The study observes that retailers deploying Artificial Intelligence were eight times more likely to be working on high-complexity projects than ‘quick win’ projects that are easier to scale.
The use of Artificial Intelligence (AI) offers multi-billion dollars of cost-saving opportunity for those retail companies that are able to scale and expand the scope of their existing deployments, according to a new study from French technology services major Capgemini.
The study noted that retailers can save more than $300 billion in the future by scaling AI deployments across the entire value chain. However, just one percent of use cases by retailers have been able to achieve this level of deployment till now.

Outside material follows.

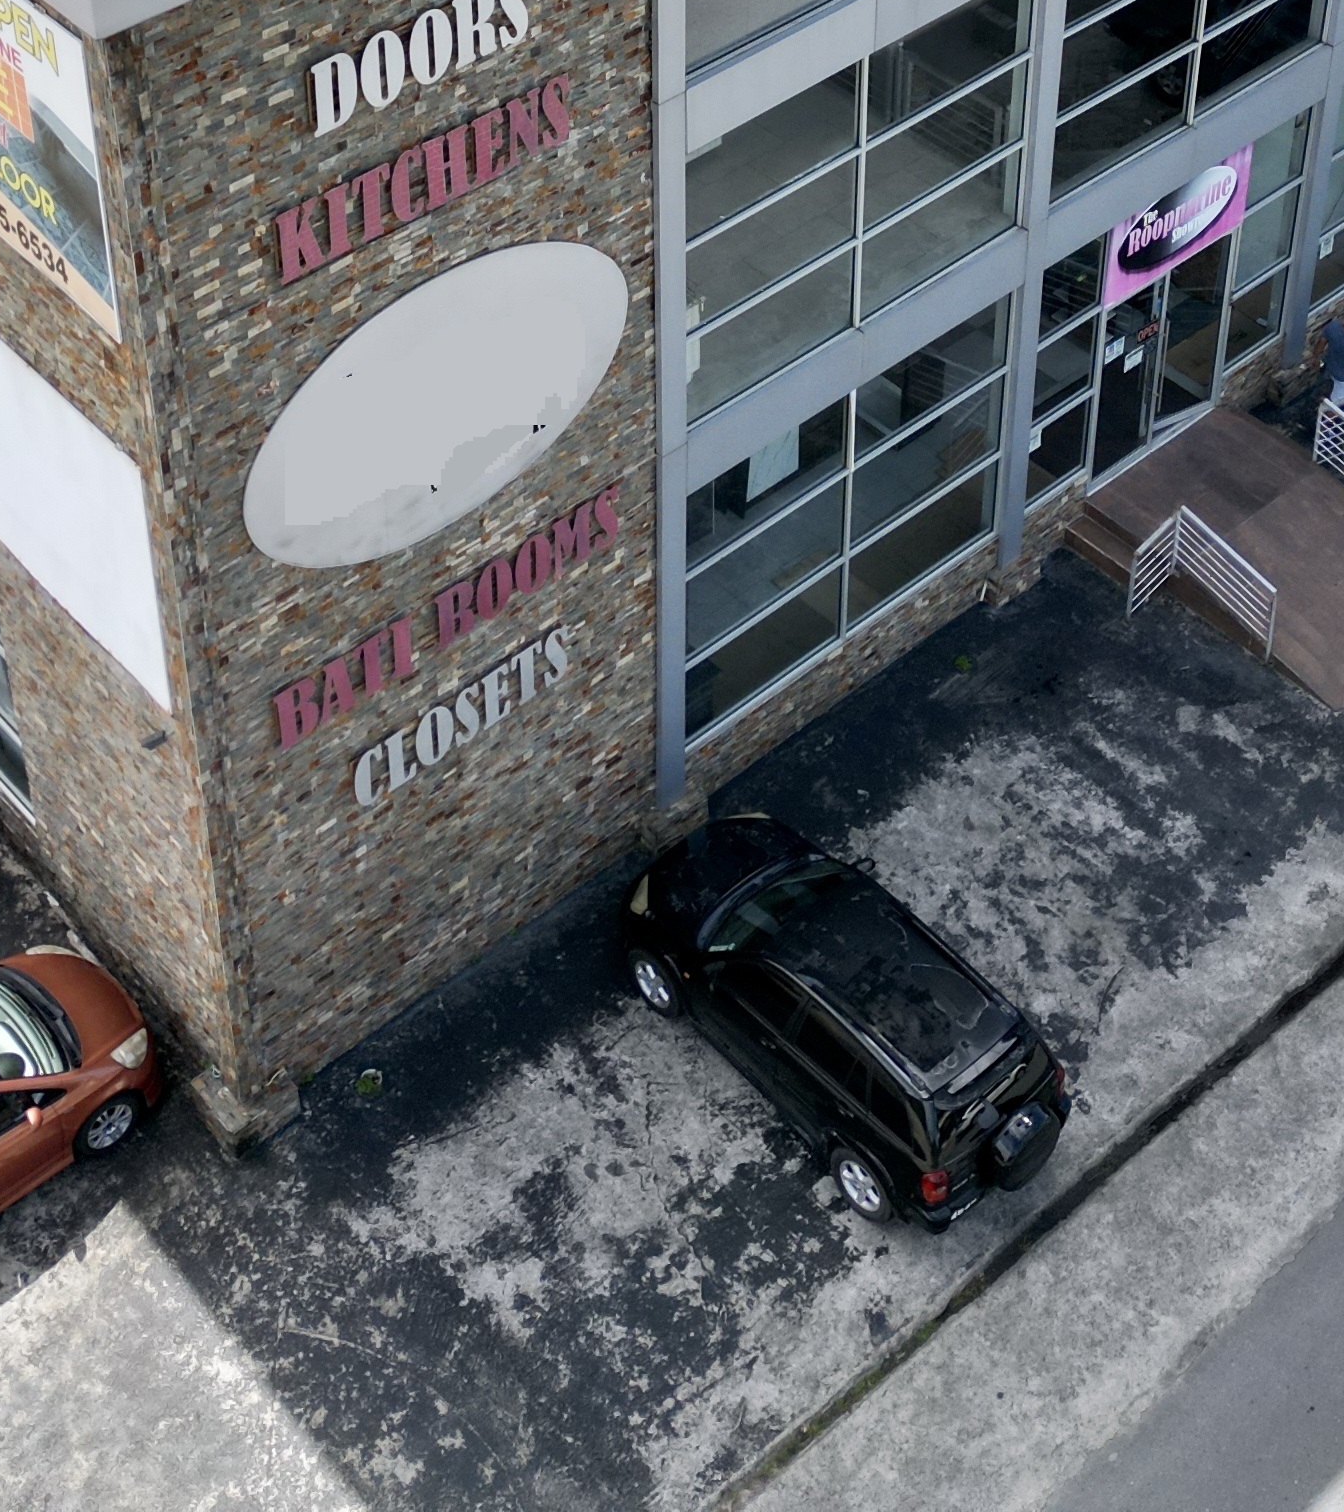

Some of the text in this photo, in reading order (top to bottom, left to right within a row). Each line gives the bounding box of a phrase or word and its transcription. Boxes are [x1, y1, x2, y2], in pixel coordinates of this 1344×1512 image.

Over a quarter (28 percent) of retailers were found deploying AI in 2018, a seven-fold increase from 2016 (4 percent). AI deployment in retail sector was recorded 17 percent in 2017.
Lack of focus on simple, customer-centric deployments
The study observed that retailers deploying AI were eight times more likely to be working on high-complexity projects than ‘quick win’ projects that are easier to scale.
It also showed that AI deployments till date lacked a focus on customer usability. As per the study, the driving forces behind current AI implementations are cost (62 percent) and ROI (59 percent), while customer experience (10 percent) and known customer pain points (7 percent) are significantly lower priorities.
Kees Jacobs, Vice President, Global Consumer Products and Retail Sector at Capgemini, said, “Our research shows a clear imbalance of organizations prioritizing cost, data and ROI when deploying AI, with only a small minority considering the customer pain points also. These two factors need to be given equal weighting if long-term AI growth, with all of the benefits it brings, is to be achieved.”
Fear of job loss due to AI deployment dispelled
Contrary to the popular believe that AI deployment may lead to job losses, 71 percent of the retailers surveyed said that AI is creating jobs today, with over two-thirds (68 percent) of the jobs being at a senior level (coordinator level or above).
Meanwhile, 75 per cent declared that AI has not replaced any jobs in their organisation so far. Those who said jobs have been cut accounted for only 25 percent or lower.
The study titled “Retail superstars: How unleashing AI across functions offers a multi-billion dollar opportunity” looked at 400 global retailers that are implementing AI use cases at different stages of maturity. This group of retailers represents 23 per cent of the global retail market by revenue.
The study further included an extensive analysis of public data from the world’s largest 250 retailers, by revenue.